New accounting rules imposed on companies this year have revealed more than $60 billion of previously hidden leverage among the largest US businesses.
The majority of the companies have been reporting these so-called supplier finance obligations for the first time, following rules mandated in September by the Financial Accounting Standards Board.
Companies use this type of financing, among other things, to free up cash so they can invest in their operations, buy back stock, or issue dividends. It was almost all outside the view of investors and analysts — until now — and the new disclosures show how pervasive the practice has become.
Supplier finance, sometimes called reverse factoring or supply chain finance, sees companies making arrangements with lenders to pay supplier bills quickly. Suppliers accept a slightly lower payment in exchange for getting paid as soon as possible. Companies then pay the lender back anywhere from 30 days to as much as a year later, filings show.
The list of users varies across industry and geography and includes household names such as Philip Morris, Cigna and Target.

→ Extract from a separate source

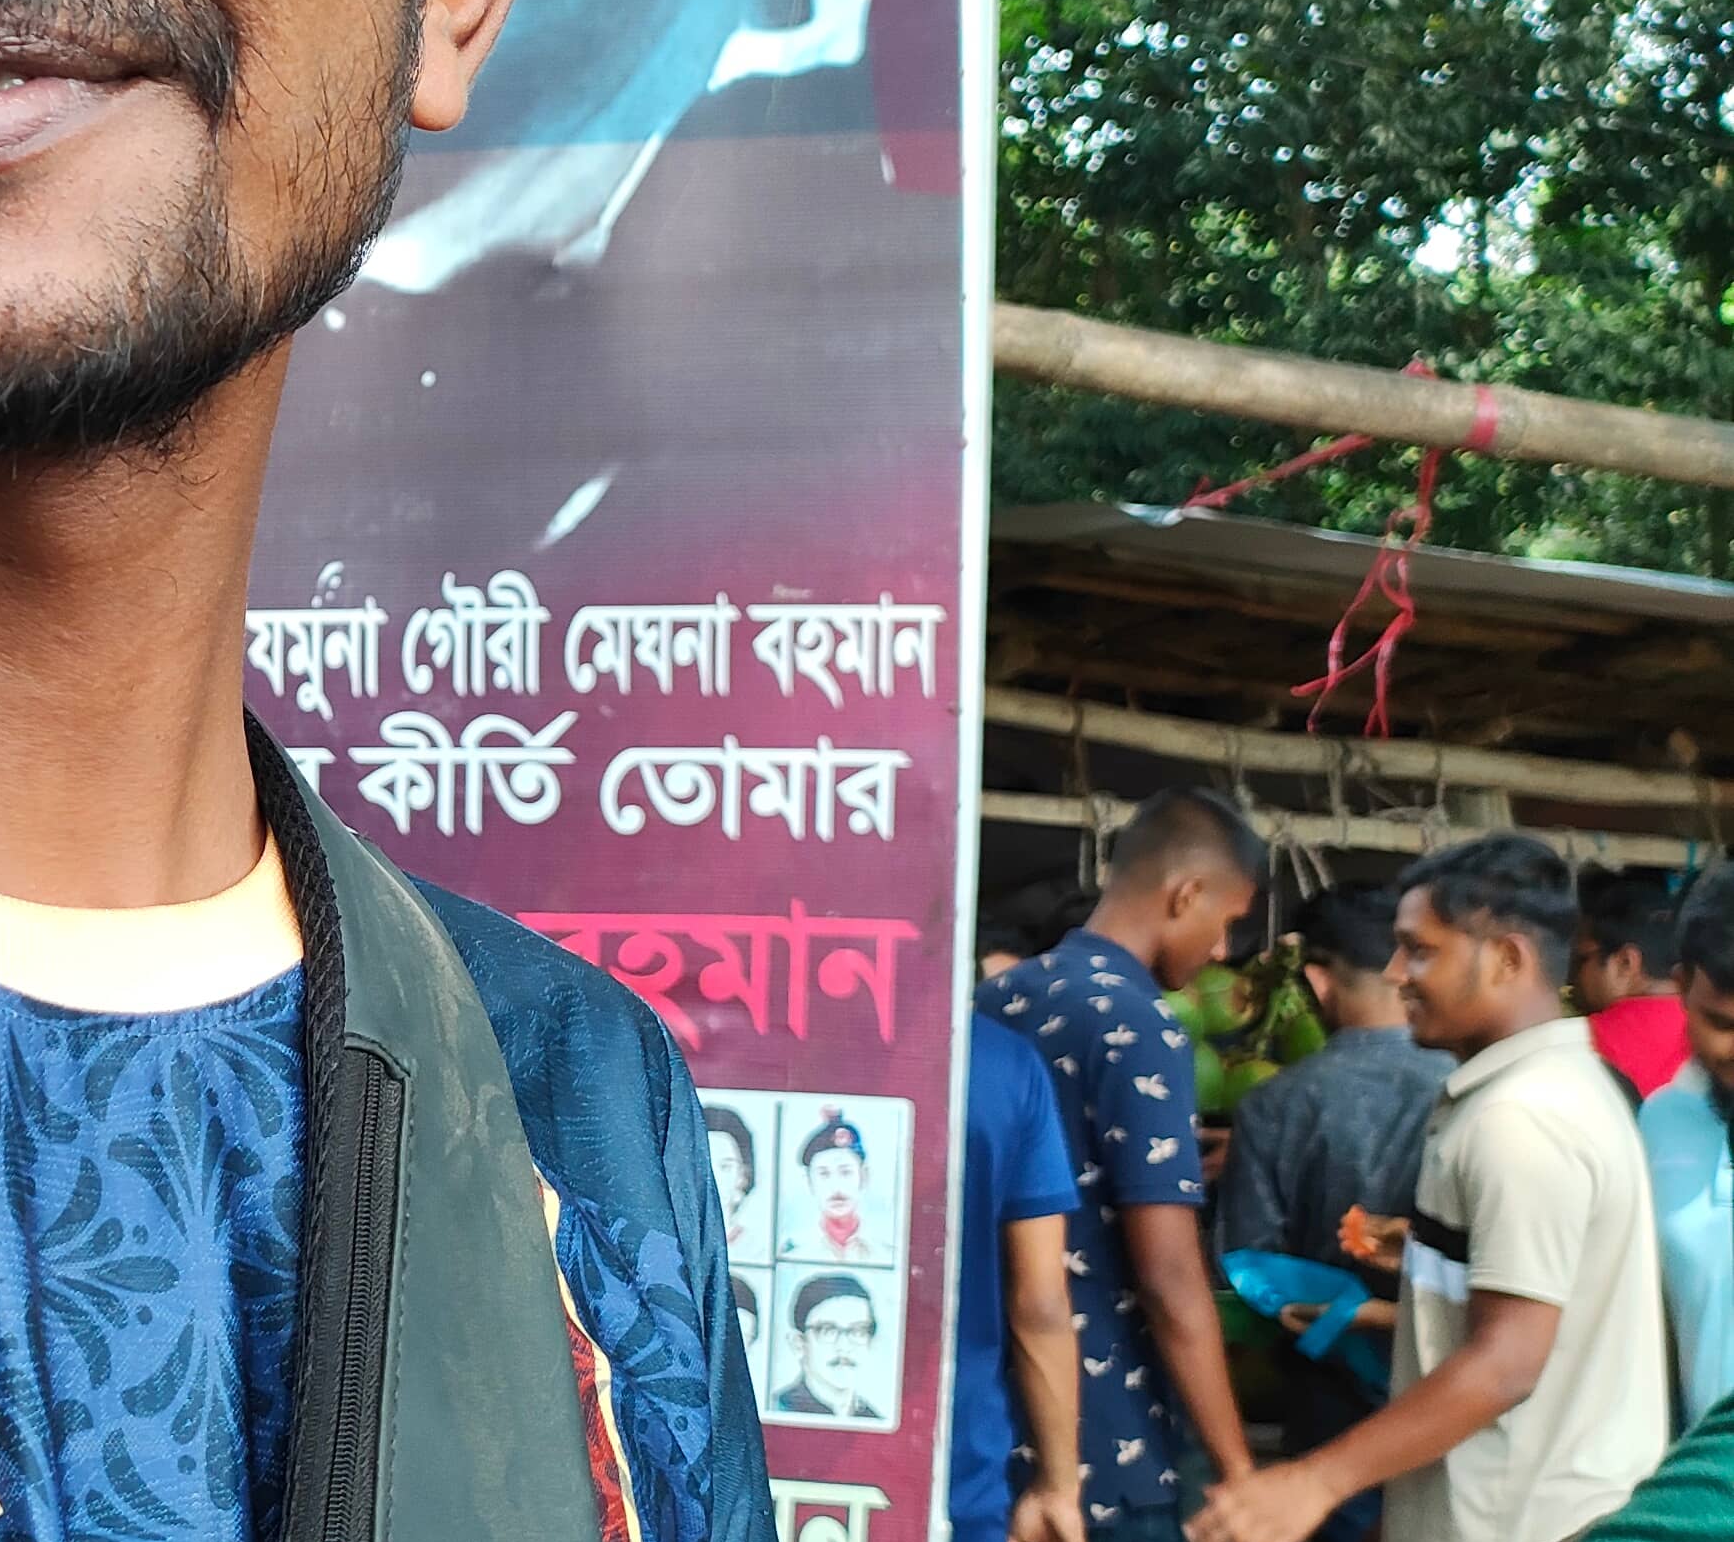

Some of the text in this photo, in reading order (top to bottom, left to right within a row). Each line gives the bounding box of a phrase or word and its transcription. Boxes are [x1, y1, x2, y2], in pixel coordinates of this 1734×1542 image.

[245, 570, 947, 721] যমুনা গৌরী মেঘনা বহমান
[347, 711, 578, 836] কীর্তি
[600, 734, 914, 842] তোমার
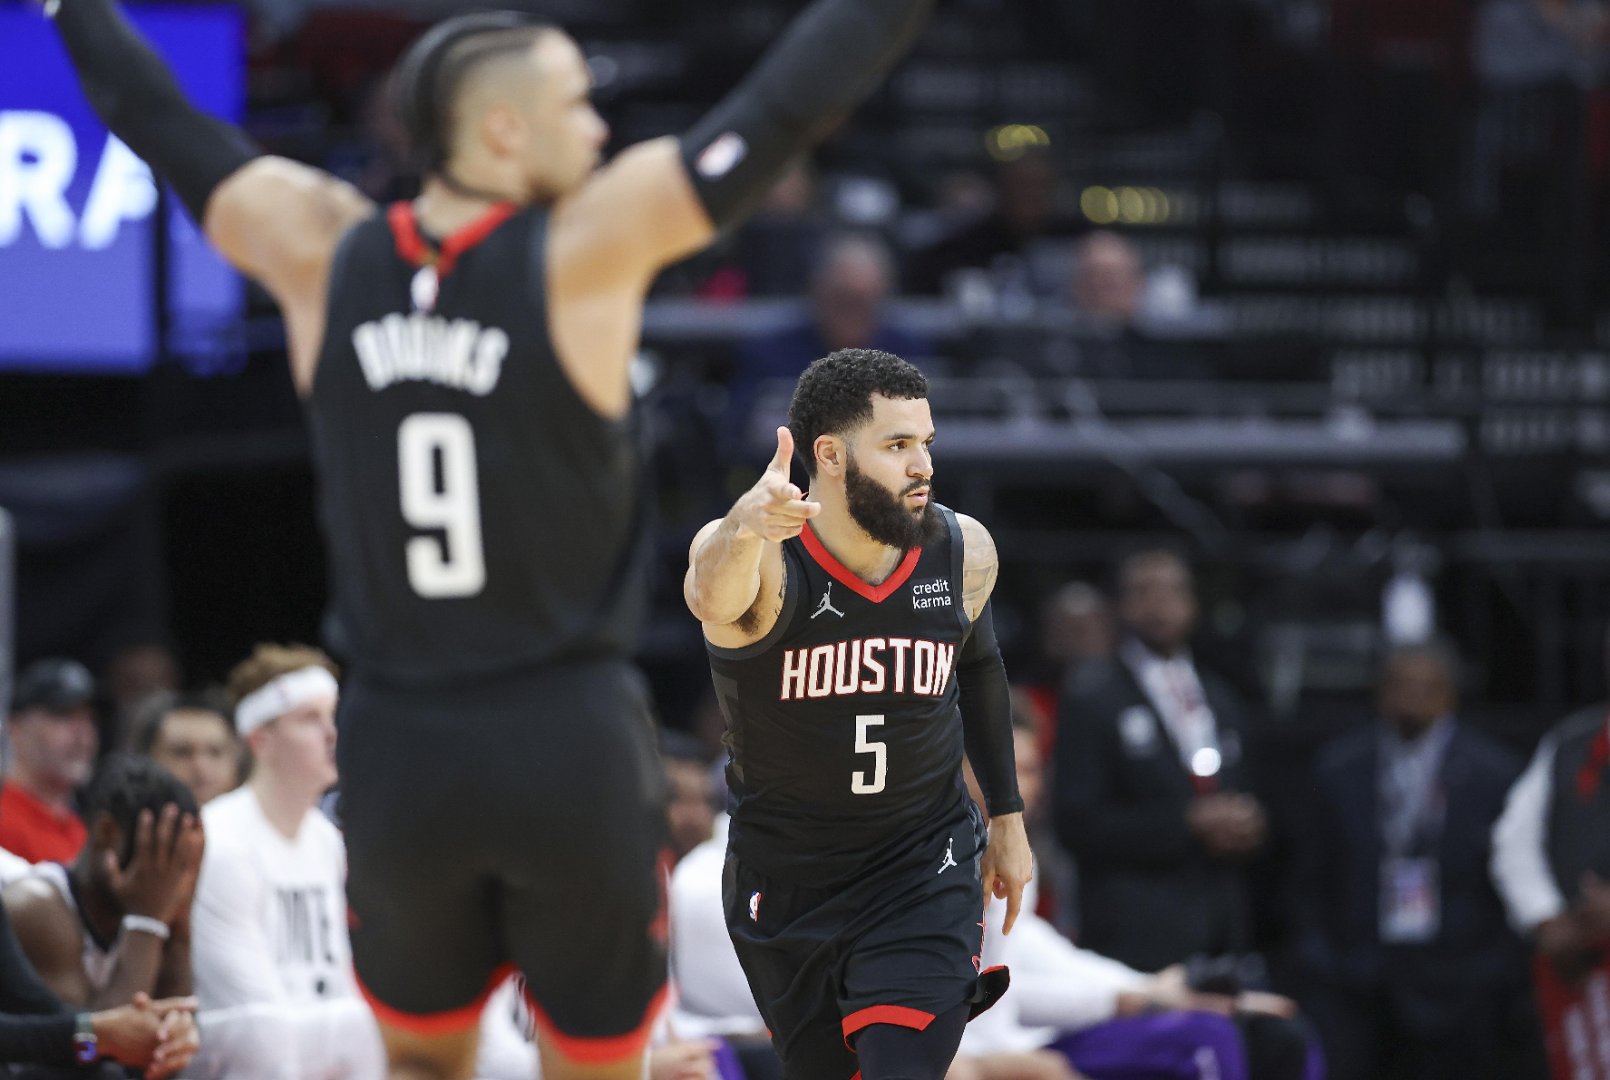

It can be a relatively safe way to manage cash flows, but in recent years it’s been at the heart of the collapse of major corporations, especially outside the US. Carillion became one of the UK’s largest failures in 2018 after the contractor used reverse factoring to label almost £500 million of debt as “other payables,” hiding its indebtedness.
Greensill Capital (see more below) ran a large supplier finance program. It collapsed in 2021 after straying into riskier loans that were packaged and sold to third-party investors including Credit Suisse.
“We do believe these programs can be beneficial to companies,” said David Gonzales, accounting analyst at Moody’s. “We just want to make sure that we’re adequately understanding or at least thinking about the types of risks that happen if credit deteriorates or, these days, if the bank is no longer there.”